“Il colonialismo evidente ti mutila in modo non rappresentativo: ti proibisce di dire, ti proibisce di fare, ti proibisce di essere. Al contrario, il colonialismo invisibile ti convince che la servitù è il tuo destino e la debolezza la tua natura: ti convince che non puoi dire, non puoi fare, non puoi essere” (Eduardo Galeano, “La cultura del terrore”, da “Il libro degli abbracci”).

Il colonialismo odierno combina elementi di colonialismo palese e occulto. E non dire che non esiste una cosa del genere nelle nostre democrazie. Ridere! Il nostro compito più grande e serio come cittadini è quello di decolonizzare il nostro pensiero, la nostra immaginazione e la nostra vita dagli stereotipi di uno stile di vita che perseguita la nostra vita quotidiana con bugie e fantasmi che ci tengono inchiodati sul divano.

Perché cos’altro se non i fantasmi sono il consumismo sfrenato, l’avidità vorace e l’immagine fabbricata di una vita intrisa di routine, compromessi e sottomissione? Potrebbero non proibirti di dire, ma a modo loro ti proibiscono di fare e di essere. Cosa fare e cosa essere? Mettersi in discussione nella pratica, rivendicare quando si è stati offesi e lottare per ciò che si vuole essere.

L’educazione ti insegna la sottomissione, il compromesso e il rispetto per l’autorità. Le convenzioni sociali ti insegnano il conformismo e ti riempiono di alienazione. La propaganda mediatica prende il sopravvento su tutto il resto, come battezzare il pesce carne e rendere bianco il nero. La televisione, la radio e Internet – con una manciata di onorevoli eccezioni – sono inondati di sfacciate bugie, disinformazione, pettegolezzi, razzismo e travisamento di proporzioni orwelliane.

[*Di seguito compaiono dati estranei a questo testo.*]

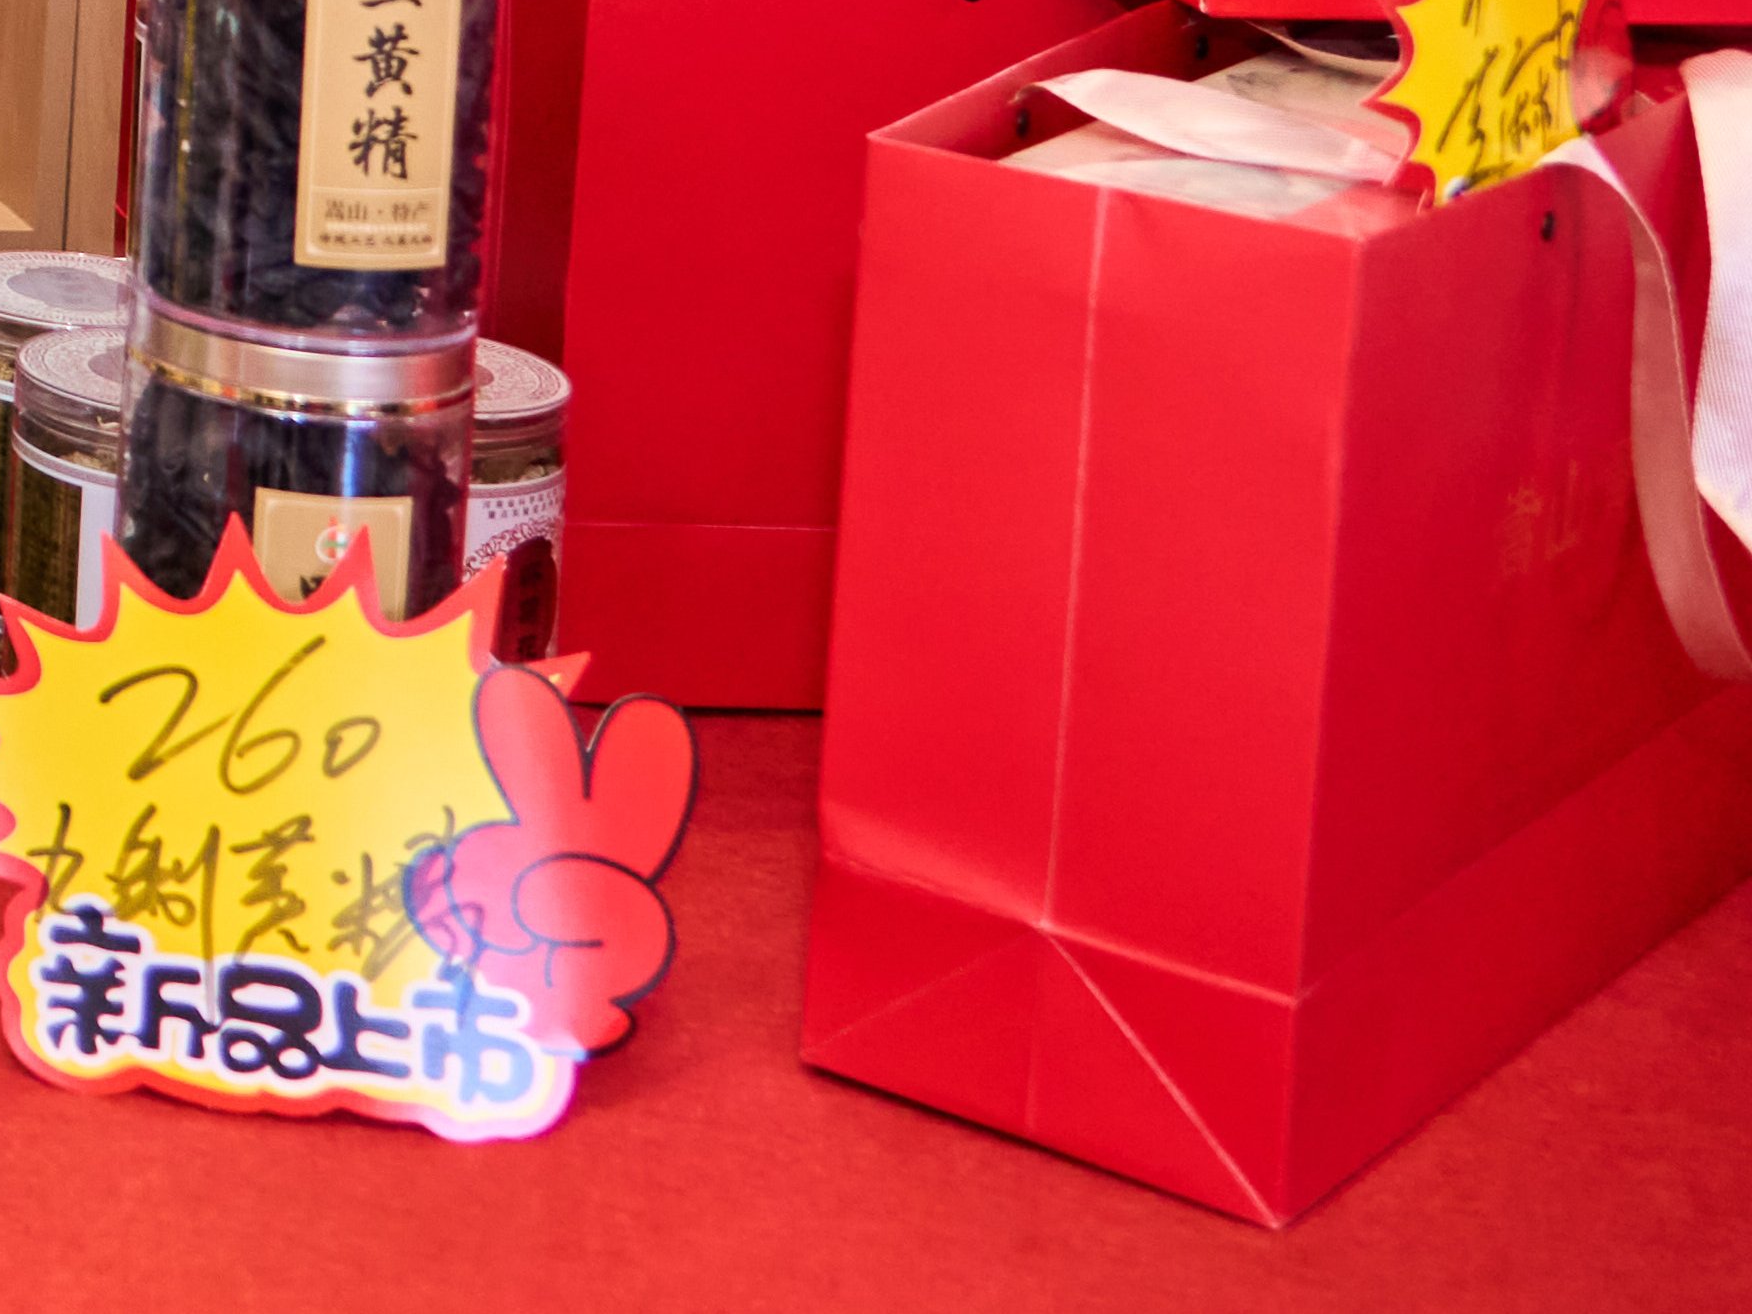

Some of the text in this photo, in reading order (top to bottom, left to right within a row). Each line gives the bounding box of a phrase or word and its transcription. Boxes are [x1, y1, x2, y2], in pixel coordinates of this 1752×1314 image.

[99, 634, 382, 796] 260
[39, 904, 537, 1105] 新品上市

I cosiddetti media e sistemi di governance sono scuole di fatalismo. “Niente cambia, tutto rimane uguale”, “Anche noi abbiamo visto rivoluzioni; hanno portato a nuove tirannie!”, “Le gerarchie sono l’ordine naturale delle cose”, “Ci sono sempre stati e sempre ci saranno ricchi e poveri”, “Tutto ciò che è dovuto alla natura imperfetta dell’uomo”!

Il capitalismo è presentato come un sistema socio-economico superstorico e il “mercato” come l’acqua in cui si muove il pesce e fuori dal quale è impossibile vivere. Ormai è diventato un tormentone, ma l’espressione del filosofo Frederick Jameson secondo cui “è più facile immaginare la fine del mondo che la fine del capitalismo” conserva un nocciolo duro di verità.

La mancanza di un “orizzonte di anticipazione” (R. Kozelek) esercita un’enorme pressione sulla nostra vita quotidiana, poiché ci priva dell’opzione diversa dal passato di “esperienza vissuta” per poter immaginare un futuro e provare a crearlo.

La “cultura del terrore”, come la chiama Galeano, consiste proprio in questo: abbiamo paura di immaginare, abbiamo paura di sognare, abbiamo paura di agire. E il colonialismo moderno non riguarda solo le relazioni Nord-Sud, ma un Nord e un Sud all’interno di ogni stato separatamente. E se non intraprendiamo una lotta anticoloniale che ci sollevi dal fatalismo, dalla depressione e dal disfattismo, siamo destinati a una catastrofe esistenziale che non riguarderà “qualche sistema” in generale, ma la civiltà stessa come l’abbiamo conosciuta fino ad ora.